* What to produce
Give the listing again word for word, excluding the pictures it contains.

* Information supplied
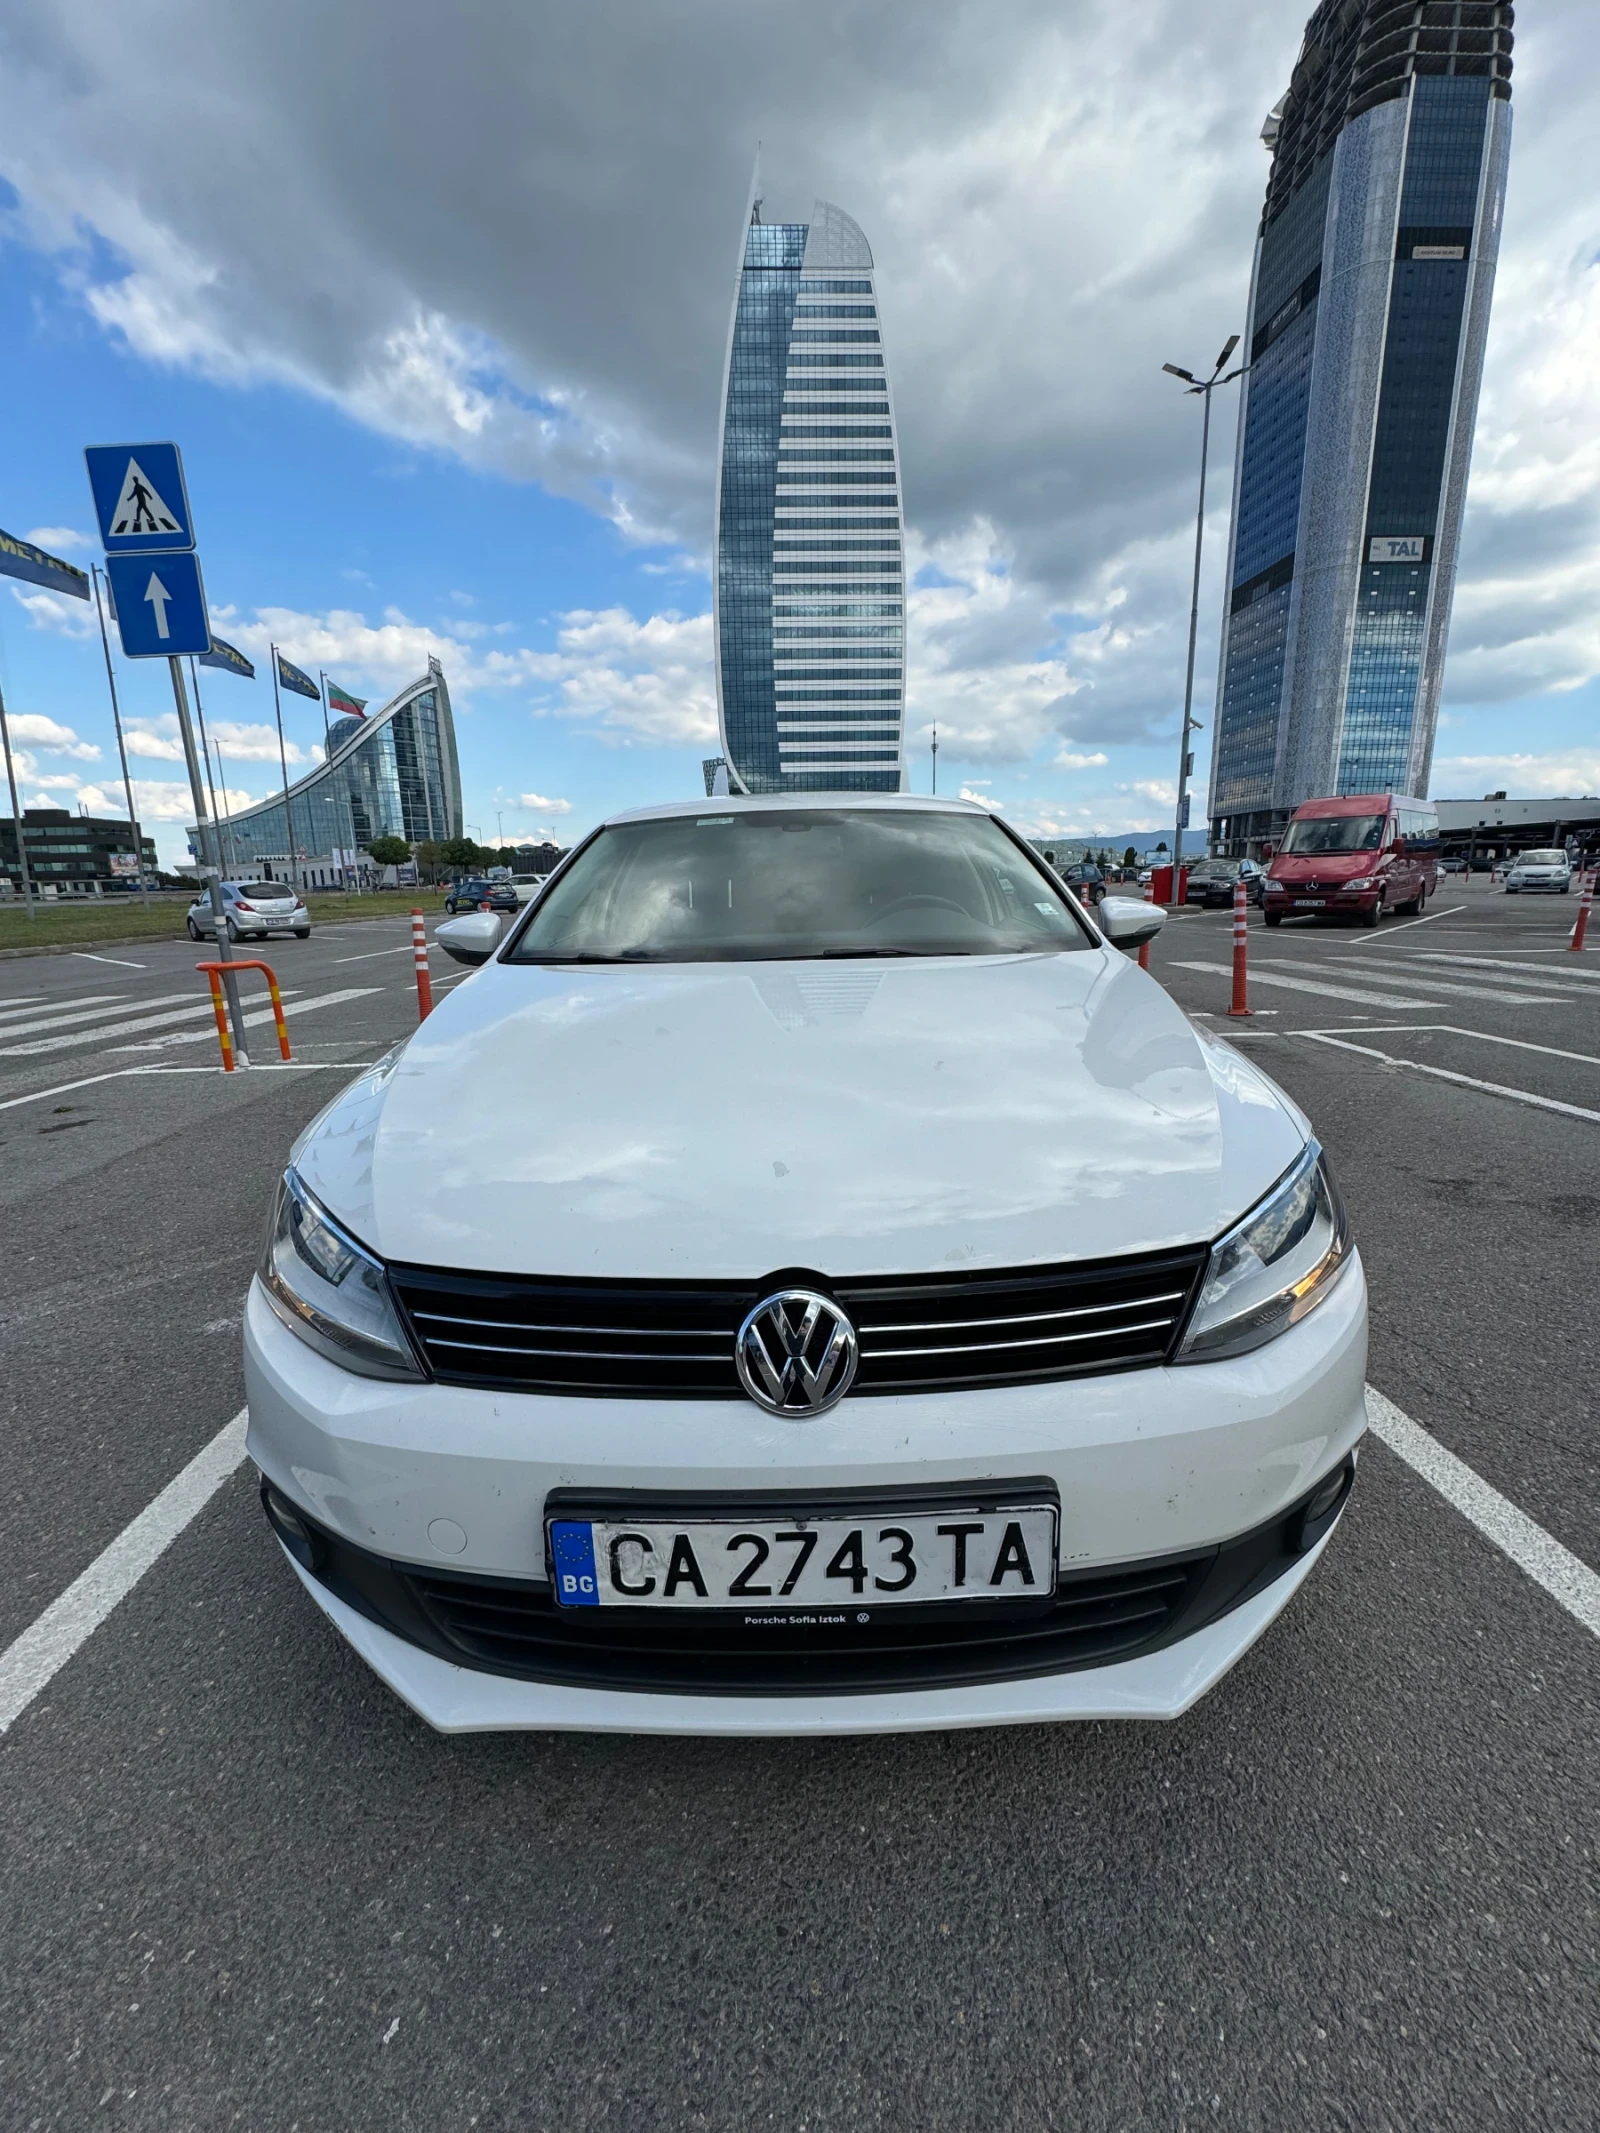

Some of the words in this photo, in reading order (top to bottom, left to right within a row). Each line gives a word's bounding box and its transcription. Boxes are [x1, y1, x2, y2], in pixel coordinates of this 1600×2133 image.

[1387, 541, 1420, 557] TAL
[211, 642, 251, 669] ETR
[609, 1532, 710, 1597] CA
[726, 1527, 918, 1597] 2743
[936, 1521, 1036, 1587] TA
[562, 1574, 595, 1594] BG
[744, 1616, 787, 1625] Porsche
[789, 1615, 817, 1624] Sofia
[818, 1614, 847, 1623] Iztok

* Task output
Some of the words in this photo, in reading order (top to bottom, left to right within a row). Each line gives a word's bounding box and its transcription. Boxes are [x1, y1, x2, y2], in pixel coordinates of this 1600×2133 image.

[1387, 541, 1420, 557] TAL
[211, 642, 251, 669] ETR
[609, 1532, 710, 1597] CA
[726, 1527, 918, 1597] 2743
[936, 1521, 1036, 1587] TA
[562, 1574, 595, 1594] BG
[744, 1616, 787, 1625] Porsche
[789, 1615, 817, 1624] Sofia
[818, 1614, 847, 1623] Iztok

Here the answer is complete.